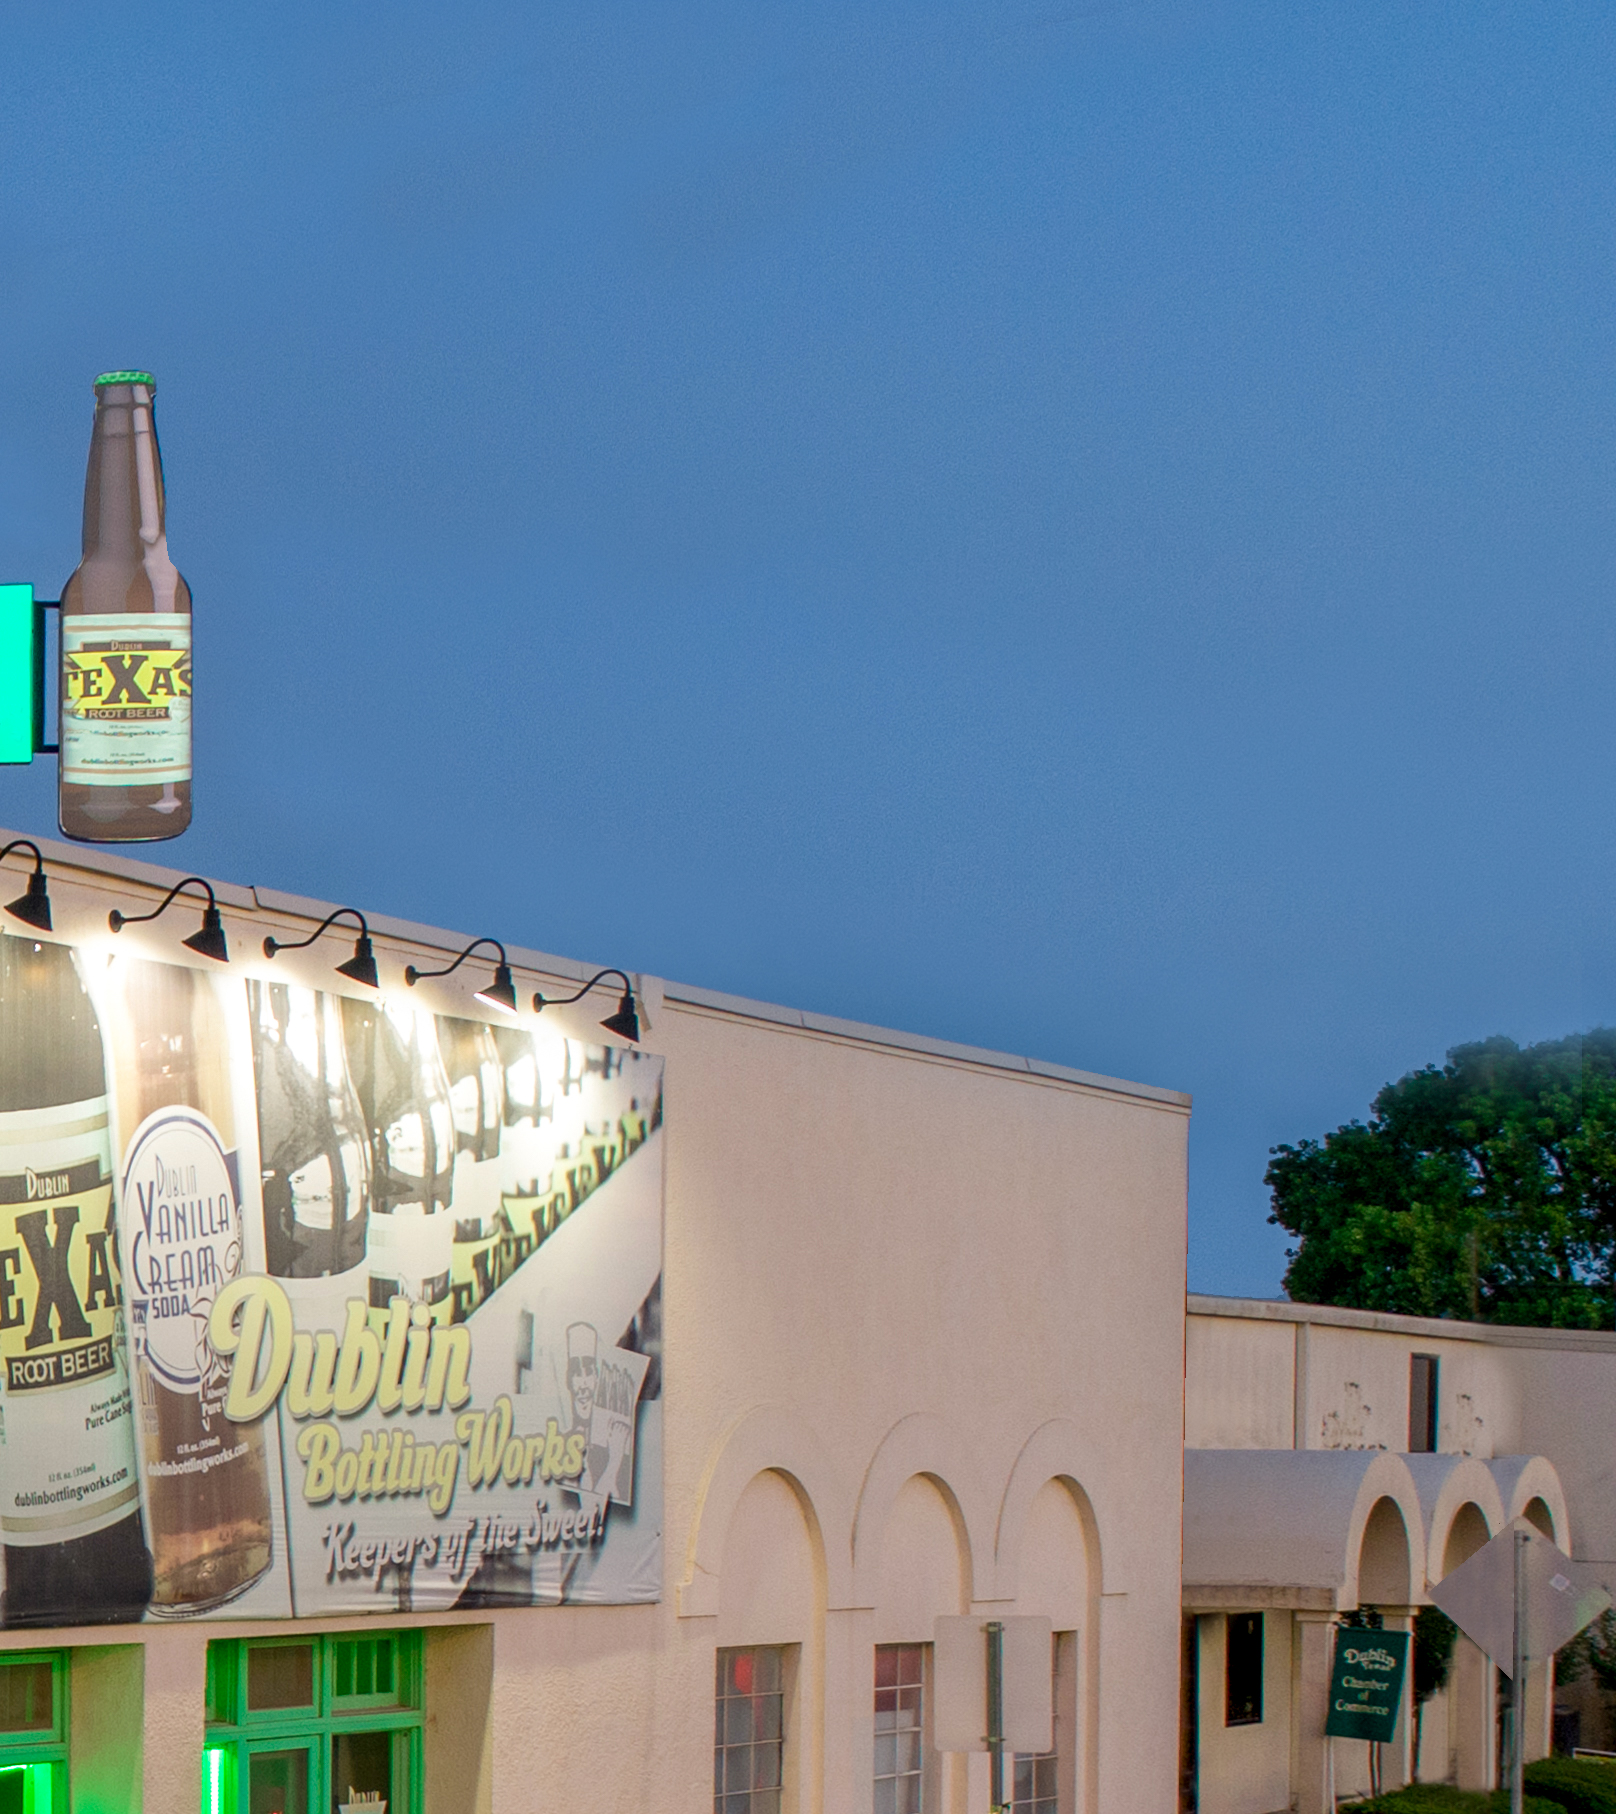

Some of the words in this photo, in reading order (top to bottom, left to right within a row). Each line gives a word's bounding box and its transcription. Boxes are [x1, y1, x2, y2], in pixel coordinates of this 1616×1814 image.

[89, 708, 124, 718] ROOT
[126, 708, 166, 718] BEER
[26, 1167, 69, 1199] DUBLIN
[155, 1153, 198, 1198] DUBLIN
[136, 1181, 230, 1248] VANILLA
[132, 1245, 217, 1295] CREAM
[151, 1293, 191, 1319] SODA
[12, 1357, 57, 1385] ROOT
[61, 1342, 110, 1377] BEER
[209, 1272, 471, 1422] Dublin
[85, 1415, 104, 1430] Pure
[105, 1408, 121, 1424] Cane
[201, 1401, 221, 1417] Pure
[148, 1442, 249, 1476] dublinbottlingworks.com
[297, 1420, 458, 1515] Bottling
[455, 1394, 587, 1486] Works
[14, 1467, 128, 1508] dublinbottlingworks.com
[323, 1520, 437, 1584] Keepers
[479, 1508, 520, 1552] the
[525, 1499, 608, 1547] Sweet!
[1343, 1647, 1396, 1669] Dublin
[1342, 1675, 1390, 1691] Chamber
[1335, 1699, 1390, 1716] Commerce

:::

## Directions for this task:
Each line of the material needs to be given again exactly, without any of its pictures.

## Task result:
Some of the words in this photo, in reading order (top to bottom, left to right within a row). Each line gives a word's bounding box and its transcription. Boxes are [x1, y1, x2, y2], in pixel coordinates of this 1616×1814 image.

[89, 708, 124, 718] ROOT
[126, 708, 166, 718] BEER
[26, 1167, 69, 1199] DUBLIN
[155, 1153, 198, 1198] DUBLIN
[136, 1181, 230, 1248] VANILLA
[132, 1245, 217, 1295] CREAM
[151, 1293, 191, 1319] SODA
[12, 1357, 57, 1385] ROOT
[61, 1342, 110, 1377] BEER
[209, 1272, 471, 1422] Dublin
[85, 1415, 104, 1430] Pure
[105, 1408, 121, 1424] Cane
[201, 1401, 221, 1417] Pure
[148, 1442, 249, 1476] dublinbottlingworks.com
[297, 1420, 458, 1515] Bottling
[455, 1394, 587, 1486] Works
[14, 1467, 128, 1508] dublinbottlingworks.com
[323, 1520, 437, 1584] Keepers
[479, 1508, 520, 1552] the
[525, 1499, 608, 1547] Sweet!
[1343, 1647, 1396, 1669] Dublin
[1342, 1675, 1390, 1691] Chamber
[1335, 1699, 1390, 1716] Commerce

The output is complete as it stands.